Exercise material:
________________

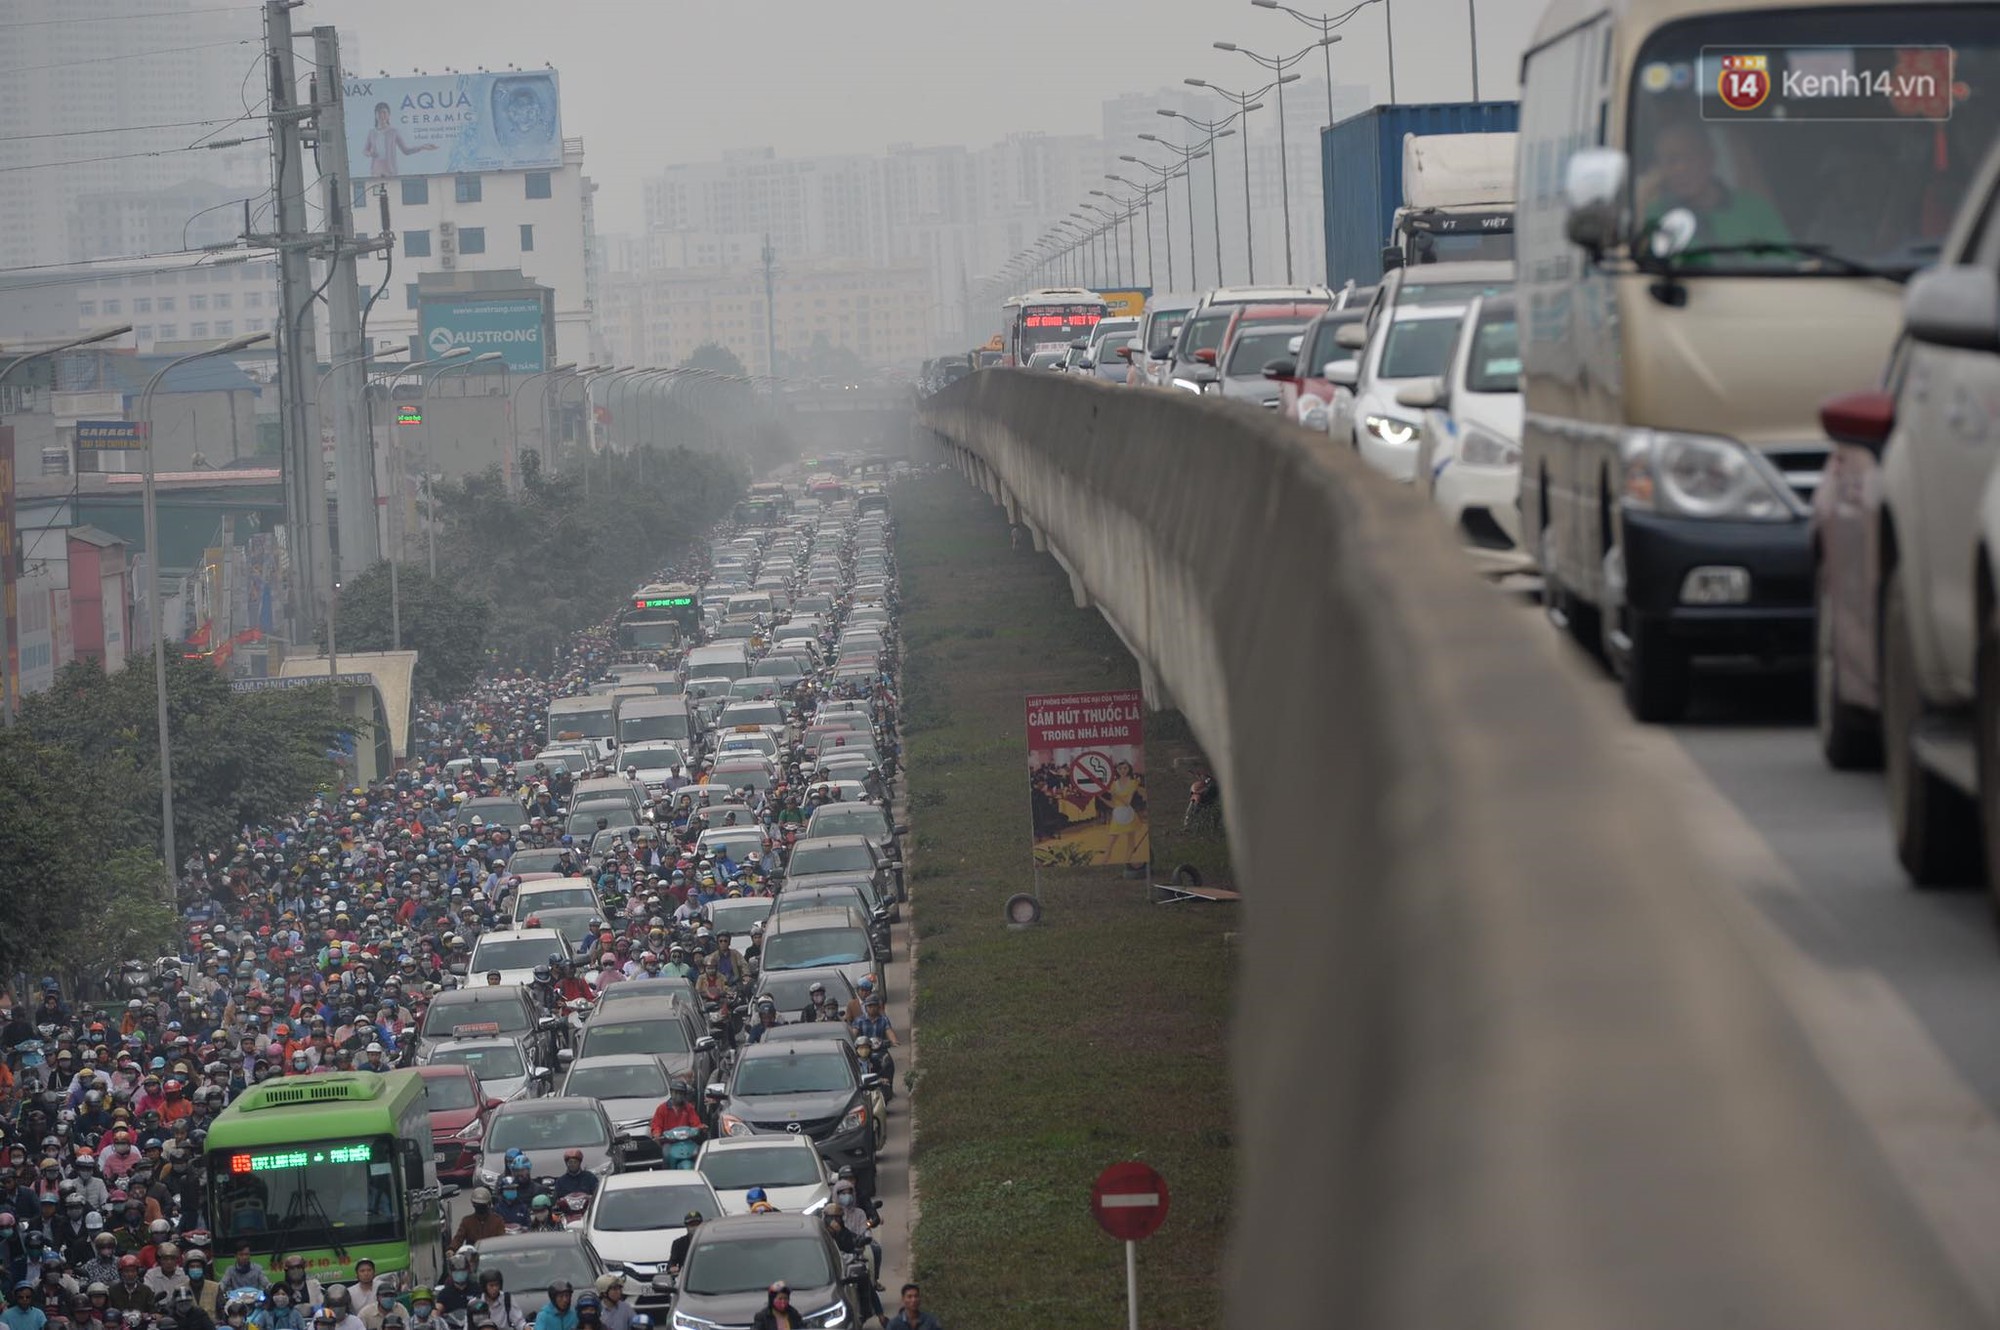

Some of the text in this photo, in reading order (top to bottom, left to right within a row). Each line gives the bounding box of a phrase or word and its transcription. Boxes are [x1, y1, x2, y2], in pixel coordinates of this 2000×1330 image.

[342, 83, 373, 97] NAX
[400, 91, 472, 110] AQUA
[400, 112, 473, 124] CERAMIC
[454, 329, 538, 344] AUSTRONG
[80, 428, 135, 437] GARAGE
[1029, 707, 1054, 726] CẤM
[1057, 707, 1080, 725] HÚT
[1083, 702, 1122, 723] THUỐC
[1042, 724, 1129, 741] TRONG NHÀ HÀNG
[232, 1154, 251, 1172] 05
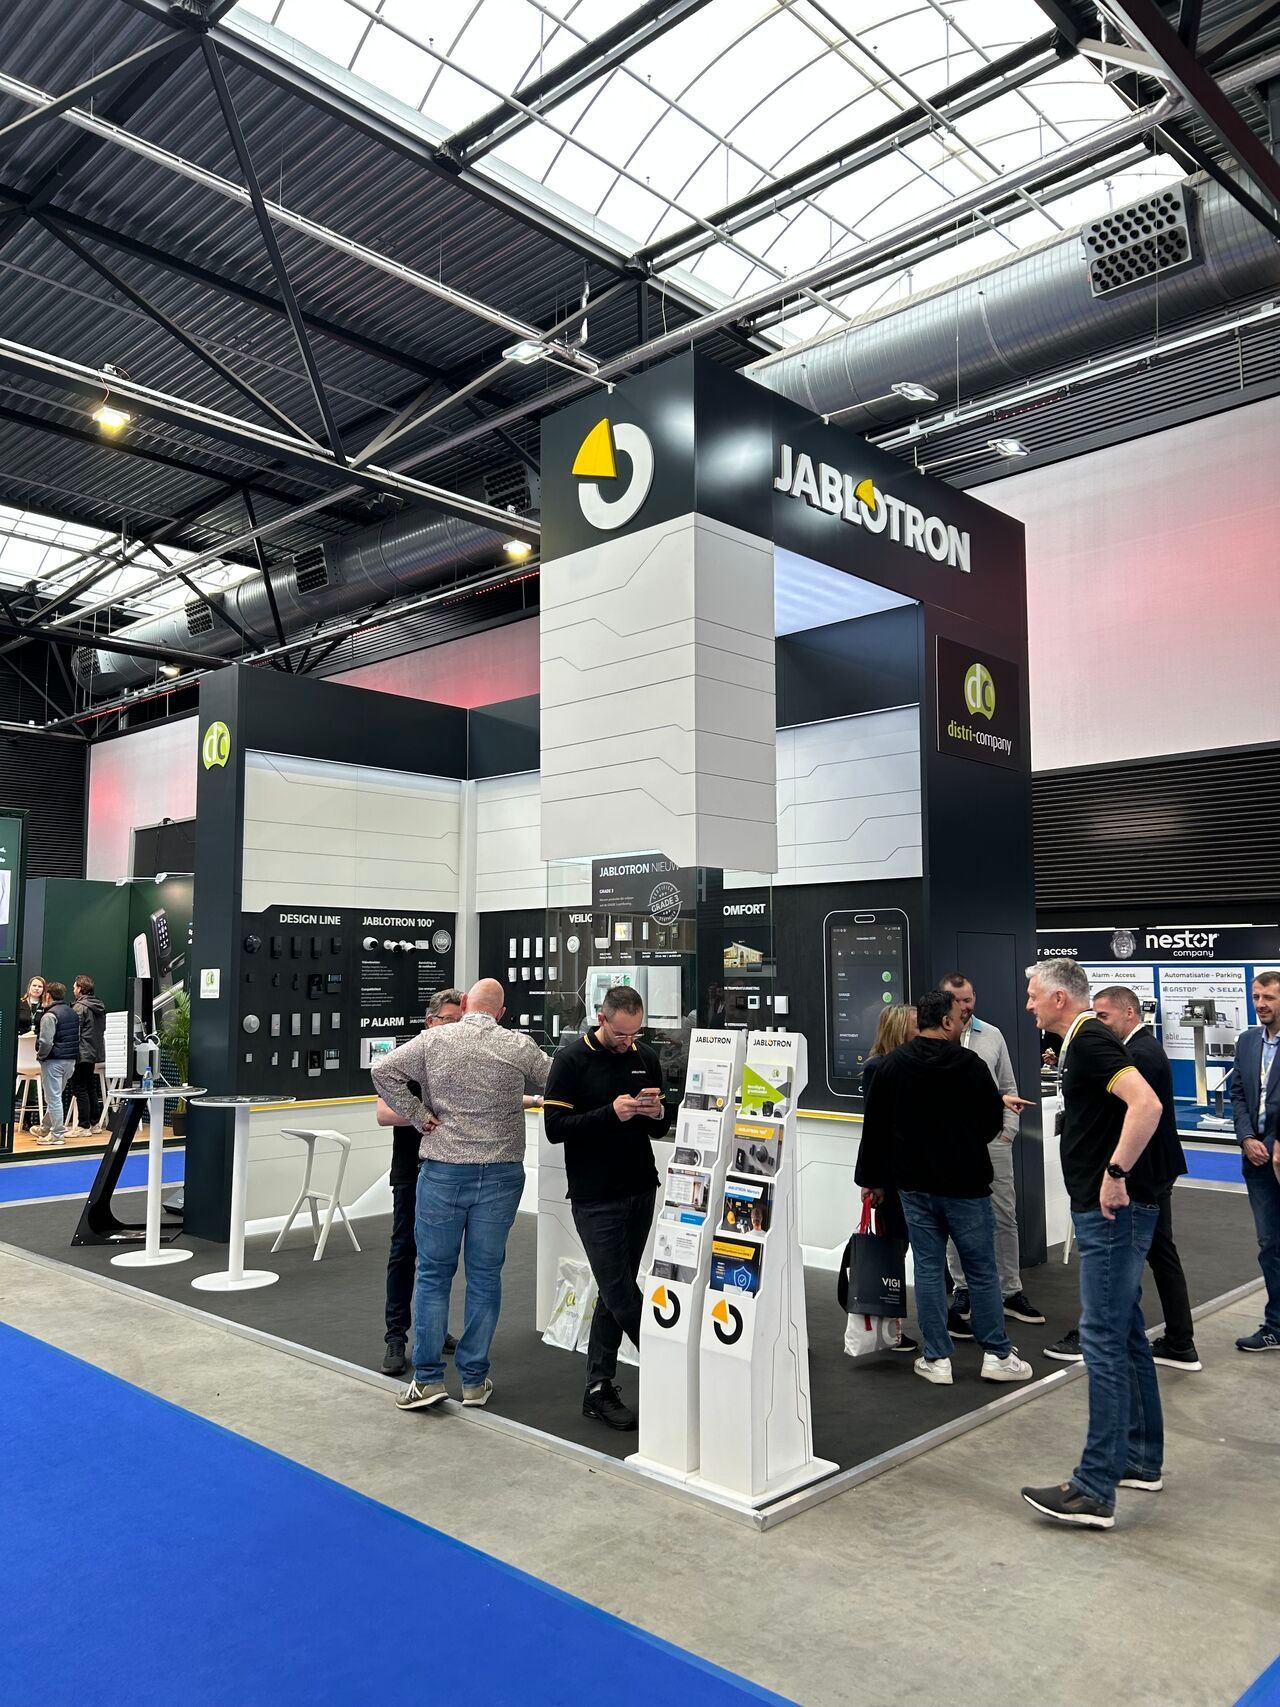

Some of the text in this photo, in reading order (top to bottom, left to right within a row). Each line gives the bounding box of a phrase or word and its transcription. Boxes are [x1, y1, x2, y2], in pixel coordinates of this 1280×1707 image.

[774, 443, 970, 573] JABLOTRON
[948, 719, 1012, 756] distri-company
[599, 863, 649, 877] JABLOTRON
[651, 894, 680, 912] GRADE 3
[723, 903, 766, 916] OMFORT
[279, 913, 341, 925] DESIGN LINE
[362, 916, 416, 927] JABLOTRON
[1145, 930, 1219, 949] nestor
[1043, 948, 1078, 956] access
[1172, 950, 1214, 958] company
[1215, 972, 1242, 980] Parking
[360, 1018, 370, 1028] IP
[371, 1017, 405, 1027] ALARM
[695, 1036, 731, 1045] JABLOTRON
[753, 1039, 792, 1048] JABLOTRON
[881, 1277, 901, 1288] VIGI

________________

The task: All records above are to be repeated exactly, with the images left out.

Exercise answer:
Some of the text in this photo, in reading order (top to bottom, left to right within a row). Each line gives the bounding box of a phrase or word and its transcription. Boxes are [x1, y1, x2, y2], in pixel coordinates of this 2000×1330 image.

[342, 83, 373, 97] NAX
[400, 91, 472, 110] AQUA
[400, 112, 473, 124] CERAMIC
[454, 329, 538, 344] AUSTRONG
[80, 428, 135, 437] GARAGE
[1029, 707, 1054, 726] CẤM
[1057, 707, 1080, 725] HÚT
[1083, 702, 1122, 723] THUỐC
[1042, 724, 1129, 741] TRONG NHÀ HÀNG
[232, 1154, 251, 1172] 05

Some of the text in this photo, in reading order (top to bottom, left to right within a row). Each line gives the bounding box of a phrase or word and its transcription. Boxes are [x1, y1, x2, y2], in pixel coordinates of this 1280×1707 image.

[774, 443, 970, 573] JABLOTRON
[948, 719, 1012, 756] distri-company
[599, 863, 649, 877] JABLOTRON
[651, 894, 680, 912] GRADE 3
[723, 903, 766, 916] OMFORT
[279, 913, 341, 925] DESIGN LINE
[362, 916, 416, 927] JABLOTRON
[1145, 930, 1219, 949] nestor
[1043, 948, 1078, 956] access
[1172, 950, 1214, 958] company
[1215, 972, 1242, 980] Parking
[360, 1018, 370, 1028] IP
[371, 1017, 405, 1027] ALARM
[695, 1036, 731, 1045] JABLOTRON
[753, 1039, 792, 1048] JABLOTRON
[881, 1277, 901, 1288] VIGI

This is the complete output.